Daesh : Quand les LGBT+ « fracassent le Califat » !

Ils sont LGBT, ils sont armés, et ils se battent. Lundi, les Syriens des branches armées kurdes ont annoncé la création d’une sous-faction appelée « L’Armée de Libération et d’insurrection Queer »....

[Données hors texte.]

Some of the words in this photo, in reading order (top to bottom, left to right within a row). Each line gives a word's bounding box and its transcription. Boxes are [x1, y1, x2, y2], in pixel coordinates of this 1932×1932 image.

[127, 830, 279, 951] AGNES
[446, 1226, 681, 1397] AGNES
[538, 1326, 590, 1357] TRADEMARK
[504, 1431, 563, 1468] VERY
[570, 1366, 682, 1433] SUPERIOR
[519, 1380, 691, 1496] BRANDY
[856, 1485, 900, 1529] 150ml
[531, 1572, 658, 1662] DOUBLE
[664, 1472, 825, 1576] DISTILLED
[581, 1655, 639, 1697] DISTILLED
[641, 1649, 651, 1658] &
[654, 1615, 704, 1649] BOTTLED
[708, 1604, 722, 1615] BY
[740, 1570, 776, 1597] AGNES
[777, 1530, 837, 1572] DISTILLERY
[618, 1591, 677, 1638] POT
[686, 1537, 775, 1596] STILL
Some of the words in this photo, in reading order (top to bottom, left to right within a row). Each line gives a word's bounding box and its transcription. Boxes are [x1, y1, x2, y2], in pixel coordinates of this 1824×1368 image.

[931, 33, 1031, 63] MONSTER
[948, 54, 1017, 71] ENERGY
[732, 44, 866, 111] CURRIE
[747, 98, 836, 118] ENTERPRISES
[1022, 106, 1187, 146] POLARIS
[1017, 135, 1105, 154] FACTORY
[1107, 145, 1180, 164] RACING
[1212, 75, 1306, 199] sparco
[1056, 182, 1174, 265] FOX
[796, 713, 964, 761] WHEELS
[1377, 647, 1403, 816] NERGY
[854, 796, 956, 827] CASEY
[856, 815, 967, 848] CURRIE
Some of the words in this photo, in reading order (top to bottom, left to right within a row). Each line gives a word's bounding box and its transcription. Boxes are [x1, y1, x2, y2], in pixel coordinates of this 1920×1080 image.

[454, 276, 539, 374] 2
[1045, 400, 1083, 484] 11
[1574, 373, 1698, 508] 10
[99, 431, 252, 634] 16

Ils sont LGBT, ils sont armés, et ils se battent. Lundi, les Syriens des branches armées kurdes ont annoncé la création d’une sous-faction appelée « L’Armée de Libération et d’insurrection Queer ». Sans peur et sans pitié, aperçu d’un mouvement aussi nécessaire qu’admirable.

 

Oui, les pédés peuvent se battre. C’est le message et surtout les actions qui nous ont été présentés ce lundi sur Twitter. Posté par l’IRPGF lundi et retweeté près de 4000 fois, ce cliché pris à Raqqa révèle l’existence d’un mouvement militaire d’un tout nouvel ordre.

 

 

 

 

 

« CES PÉDÉS TUENT DES FASCISTES »

Le message ne saurait être plus clair. Il s’agit d’un groupe d’anarchistes kurdes appartenant aux YPG, (Yekîneyên Parastina Gel) Unités de protection du peuple. Cette faction LGBT+ prône ainsi la liberté individuelle en réaction à l’autoritarisme promu par l’E.I. Pris à Raqqa, le cliché dévoile ainsi des combattants sur le terrain dont le seul objectif est de récupérer des territoires de l’emprise islamiste…

 

 

 

Le drapeau de la faction

 

 

DES GUERRIERS PORTÉS PAR UN IDÉAL DE LIBERTÉ

Car en dépit du rainbow flag utilisé comme étendard complémentaire, l’armée de « Libération et d’insurrection Queer » a avant tout, comme son nom l’indique, une portée militaire. Rien d’étonnant que la mitraillette figure au cœur du drapeau qui leur est propre. Ces hommes sont des guerriers portés par un idéal de liberté.

 

« LES #QUEERS FRACASSENT LE CALIFAT ! »

 

 

Devra-t-on la chute du Califat aux LGBT+ ? Il s’agirait sans conteste d’une victoire immense dont on ne peut s’empêcher de rêver.  Quoiqu’il en soit, cette #Queer Revolution apparaît sans conteste comme une avancée majeure dans la reconnaissance d’une population et de la diversité des adversaires du fondamentalisme de l’EI.

 

Néanmoins, beaucoup d’aspects demeurent encore incertains. On ne saurait déterminer combien ils sont, ni l’évolution de leurs positions sur le territoire, rapporte Newsweek.